HP announced Monday that it has signed a definitive agreement to acquire Bristol as a way to beef up its business technology optimization (BTO) product offerings.

The vendor didn’t reveal the financial terms of the deal.

Bristol’s TransactionVision software helps customers monitor complex business transactions ranging from insurance claim processes to product orders and inventory management. Users can manage processes running on J2EE or .Net application servers as well as processes running on mainframes.

With Bristol under its belt, HP said it will be better positioned to provide users with end-to-end management of their real-time business transactions and extend its HP Business Availability Center business service and application management software to the mainframe.

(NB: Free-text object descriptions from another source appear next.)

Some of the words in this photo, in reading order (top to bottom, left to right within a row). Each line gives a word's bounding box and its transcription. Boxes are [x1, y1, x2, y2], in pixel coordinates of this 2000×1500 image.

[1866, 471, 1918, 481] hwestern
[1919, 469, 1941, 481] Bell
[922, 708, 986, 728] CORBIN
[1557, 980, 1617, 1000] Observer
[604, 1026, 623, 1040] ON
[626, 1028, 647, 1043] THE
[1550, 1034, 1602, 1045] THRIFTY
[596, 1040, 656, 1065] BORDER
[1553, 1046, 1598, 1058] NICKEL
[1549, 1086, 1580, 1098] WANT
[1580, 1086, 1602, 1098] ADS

The move will enable HP to better compete with rivals BMC Software Inc., CA Inc. and IBM Corp. in providing software to manage desktops, servers and mainframes, according to Ramin Sayar, director of products with HP Software. More and more users are looking for a single vendor to meet all of their IT management needs, he said Monday.

HP and Bristol are already partners. Bristol’s TransactionVision software is integrated with HP’s Business Availability Center and its Universal Configuration Management Database (CMDB) software, both of which were products HP acquired when it purchased Mercury Interactive last year.

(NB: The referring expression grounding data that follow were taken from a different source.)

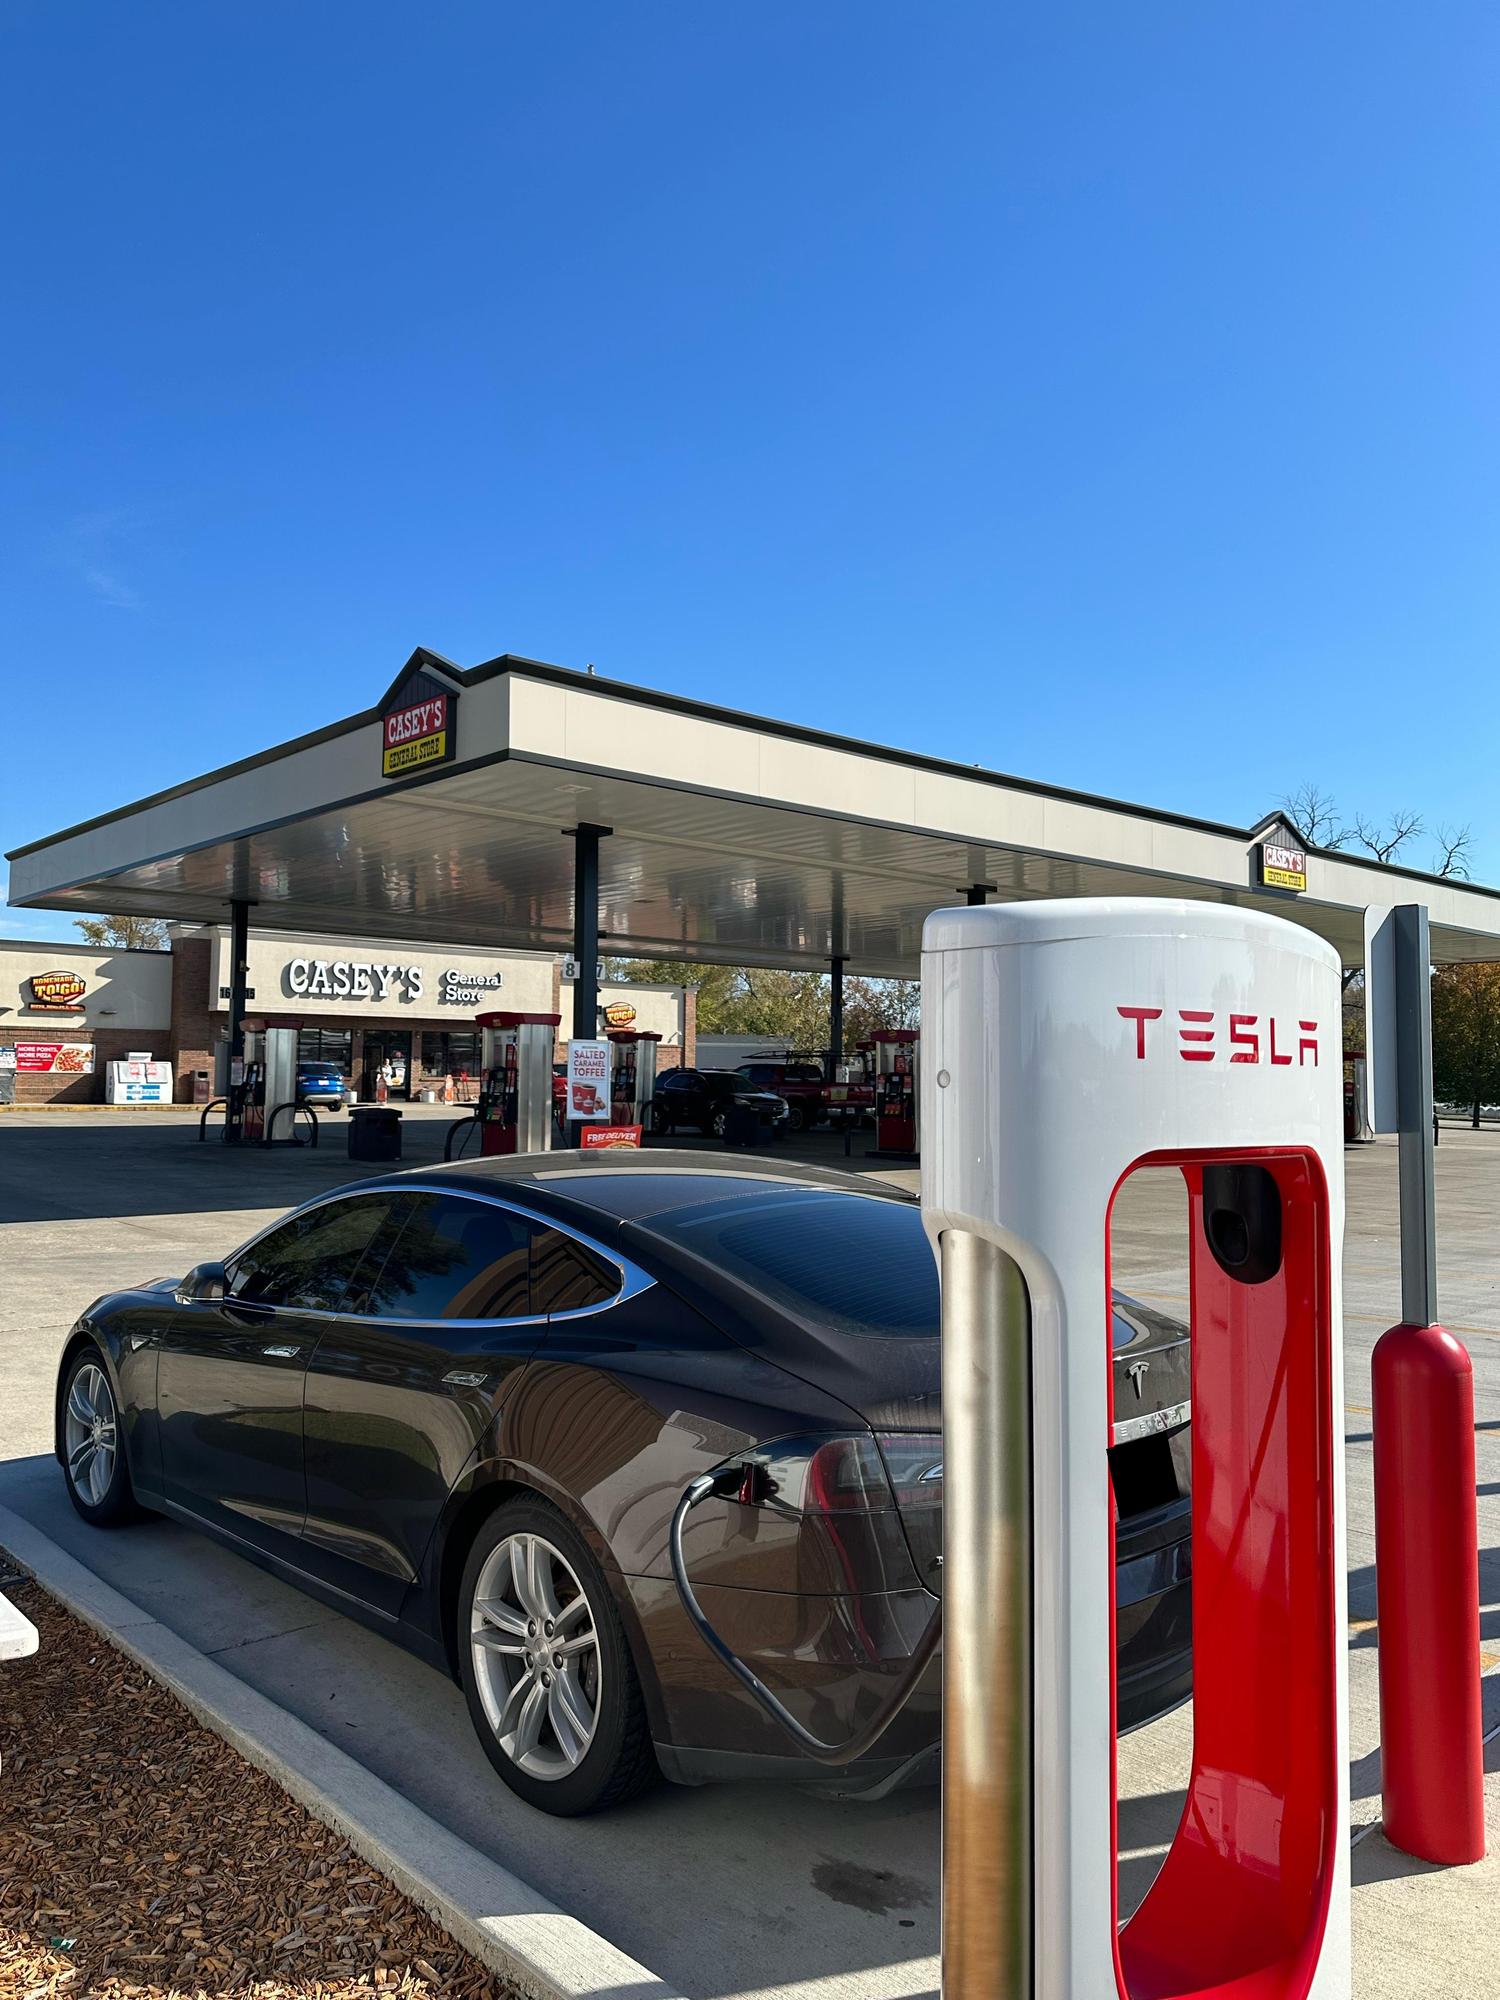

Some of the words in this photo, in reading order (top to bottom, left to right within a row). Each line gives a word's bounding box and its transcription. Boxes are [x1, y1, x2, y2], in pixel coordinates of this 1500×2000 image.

[388, 699, 443, 743] CASEY'S
[1266, 847, 1303, 871] CASEY'S
[445, 968, 504, 988] General
[565, 962, 575, 977] 8
[288, 957, 424, 1000] CASEY'S
[220, 987, 231, 998] 16
[445, 985, 486, 1002] Store
[1116, 1006, 1319, 1067] TESLA
[574, 1050, 606, 1059] SALTED
[573, 1060, 606, 1068] CARAMEL
[573, 1068, 606, 1077] TOFFEE

As part of an ongoing company-wide restructuring effort designed to make the vendor more competitive and efficient, HP has been revamping its software business, creating a number of focused units. In December, following the completion of its US$4.5 billion acquisition of Mercury, HP created a BTO unit to bring together Mercury’s application management software with HP’s OpenView systems and network management technologies.

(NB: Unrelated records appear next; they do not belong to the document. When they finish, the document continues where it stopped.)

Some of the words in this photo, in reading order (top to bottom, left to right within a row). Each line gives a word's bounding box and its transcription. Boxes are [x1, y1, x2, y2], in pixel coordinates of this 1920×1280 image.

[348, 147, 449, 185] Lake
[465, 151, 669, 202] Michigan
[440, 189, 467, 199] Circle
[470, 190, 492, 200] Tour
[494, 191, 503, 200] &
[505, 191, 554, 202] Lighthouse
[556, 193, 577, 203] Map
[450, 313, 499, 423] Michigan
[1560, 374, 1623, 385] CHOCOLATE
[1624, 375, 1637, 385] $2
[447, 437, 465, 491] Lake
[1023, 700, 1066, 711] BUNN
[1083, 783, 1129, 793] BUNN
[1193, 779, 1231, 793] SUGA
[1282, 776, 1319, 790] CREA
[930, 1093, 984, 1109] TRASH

Mercury had been working with Bristol for over 18 months to extend Business Availability Center to middleware and the mainframe, Sayar said. He was previously with Mercury. At the same time, HP was pursuing a similar path looking for a vendor that could help broaden the mainframe support of its OpenView software. Once HP acquired Mercury, the vendor realized Bristol would meet its OpenView needs as well, he added.

Founded in 1991, privately held Bristol has its headquarters in Danbury, Connecticut, and the majority of its customers are financial services and insurance companies in the U.S. and the U.K., including JPMorgan Chase & Co. and Blue Cross Blue Shield of Florida Inc.

Bristol started off as a provider of cross-platform development tools with its Wind/U offering, which is still in use, for porting Windows applications to Unix and Linux. In 1998, the vendor began to change its focus to also encompass enterprise software. HP plans to continue supporting Bristol’s development tools, although the vendor doesn’t view that software as core technology for HP, Sayar said.

Subject to closing conditions, HP expects to complete the acquisition within the next 30 days. At that point, Bristol will become part of the HP Software unit inside the vendor’s Technology Solutions Group. HP intends to take on most of Bristol’s staff and maintain the company’s Danbury site for at least a year, Sayar said. The vendor is particularly interested in R&D (research and development) work Bristol is engaged in that may appear in future HP products, he added. However, Sayar declined to comment on the specifics of Bristol’s R&D projects.